Freshly harvested biomass was enclosed into cellotape and quenched in liquid nitrogen, was used for further X-ray absorption spectrometry.
X-ray absorption spectra at the Cu K-edges were collected on Station 7.1 at the CCLRC Daresbury SRS operating at 2 GeV with an average current of 140 mA, using a vertically collimating plane mirror and a sagitally bent focusing Si(111) double crystal monochromator detuned to 80% transmission to minimize harmonic contamination. Sample data were collected with the station operating in fluorescence mode using a 9-element solid state Ge diode detector with high count-rate XPRESS processing electronics; spectra of model compounds were collected in the transmission mode. The monochromator was calibrated using a 5 mm Cu foil. Experiments were performed using a liquid nitrogen cooled cryostat. Single scans were collected for the model compounds, and 3-4 scans were collected and summed for each sample. Model compounds used were Cu-acetate, Cu-gluconate, Cu-malate, Cu-oxalate, Cu3(PO4)2 and Cu2O.
Extended X-ray Absorption Fine Structure (EXAFS) regions of the obtained XAS spectra, which corresponded to the oscillating part of the spectrum to the right of the absorption edge, were used in spectra analysis. Background-subtracted EXAFS spectra were analyzed in EXCURV98 using full curved wave theory [20, 21]. Phaseshifts were derived in the program from ab initio calculations using Hedin-Lundqvist potentials and von Barth ground states [22]. Fourier transforms of the EXAFS spectra were used to obtain an approximate radial distribution function around the central copper atom (the absorber atom); the peaks of the Fourier transform can be related to «shells» of surrounding back scattering atoms characterized by atom type, number of atoms
in the shell, the absorber-scatterer distance, and the Debye-Waller factor, 2ct2 (a measure of both the thermal motion between the absorber and scatterer and of the static disorder or range of absorber-scatterer distances).
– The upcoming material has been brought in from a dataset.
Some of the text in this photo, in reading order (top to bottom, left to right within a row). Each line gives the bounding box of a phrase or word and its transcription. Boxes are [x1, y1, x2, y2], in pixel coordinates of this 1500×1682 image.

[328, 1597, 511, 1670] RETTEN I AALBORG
The data were fitted for each sample by defining a theoretical model and comparing the calculated EXAFS spectrum with the experimental data. Shells of backscatterers were added around the copper and by refining an energy correction Ef (the Fermi energy), the absorber-scatterer distance, and Debye-Waller factor for each shell, a least squares residual (the R-factor [22, 23] was minimized). Where appropriate, multiple scattering effects were included in the fits [24].
Results and Discussion
Copper is a trace element essential to life, yet, at high doses it can be toxic. Copper makes a significant contribution to global pollution [25]. The origin of copper pollution is very diverse. In addition to natural origins, mainly from rock weathering and atmospheric deposition, its wide human use in many fields (transportation, manufacturing, currency, construction and agriculture as fungicide and herbicide) generates releases into the environment.
Both processes of metal mobilization (e.g., in situ soil washing, extraction and filtration techniques) and immobilization (e.g., in situ stabilization techniques) may be applied to remediate contaminated matrices [2, 29]. Many fungi can be highly efficient biogeochemical agents with capability for both metal mobilization and immobilization [4].
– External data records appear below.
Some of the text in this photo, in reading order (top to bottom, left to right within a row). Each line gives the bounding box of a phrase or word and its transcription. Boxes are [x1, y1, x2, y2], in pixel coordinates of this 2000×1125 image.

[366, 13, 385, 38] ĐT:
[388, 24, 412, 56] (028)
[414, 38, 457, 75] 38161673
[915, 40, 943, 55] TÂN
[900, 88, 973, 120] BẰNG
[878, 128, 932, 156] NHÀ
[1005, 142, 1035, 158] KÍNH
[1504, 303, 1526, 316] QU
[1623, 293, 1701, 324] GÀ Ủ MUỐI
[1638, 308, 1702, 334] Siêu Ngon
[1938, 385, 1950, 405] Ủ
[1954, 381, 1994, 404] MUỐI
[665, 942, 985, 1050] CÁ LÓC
Fungi are able to solubilize minerals and weather rocks in the course of «heterotrophic leaching» as a result of protonation (acidolysis), chelation (complexolysis) and metal accumulation by the biomass [7, 30]. Fungal and plant cell walls can act as a cation exchanger due to their negative charge originating from functional groups, e.g. carboxylic, phosphate, amine or sulfhydryl, in different wall components (hemicelluloses, pectin, lignin, chitin, etc.) [4, 11, 13]. Mechanisms for metal immobilization within plant and fungal biomass also include intracellular uptake with complexation to ligands such as S-containing peptides (metallothioneins, phytochelatins), carboxylic acids (citrate, malate, oxalate), and phenolic acids [4, 6, 8, 12, 14, 15, 31].
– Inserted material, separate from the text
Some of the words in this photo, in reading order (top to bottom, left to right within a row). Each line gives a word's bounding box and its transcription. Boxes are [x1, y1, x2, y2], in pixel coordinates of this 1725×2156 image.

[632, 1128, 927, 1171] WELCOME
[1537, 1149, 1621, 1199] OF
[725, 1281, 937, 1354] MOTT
A ubiquitous fungus Aspergillus niger is one of the most efficient transformers of minerals
due, first of all, to its ability to over-excrete citric, oxalic and other low molecular weight carboxylic acids [32]. Various strains of A. niger are used in the industrial preparation of citric acid (E 330). The ability of this fungus to produce chelating metabolites, combined with its resilience to challenging environment and its uncomplicated and inexpensive nutritional requirements, makes it ideal candidate for bioremedial treatment. Both its solubilizing and metal-immobilization characteristics can be exploited to improve the condition of solid waste, contaminated soil and polluted water. A. niger has been previously shown to solubilize various copper-containing minerals [32].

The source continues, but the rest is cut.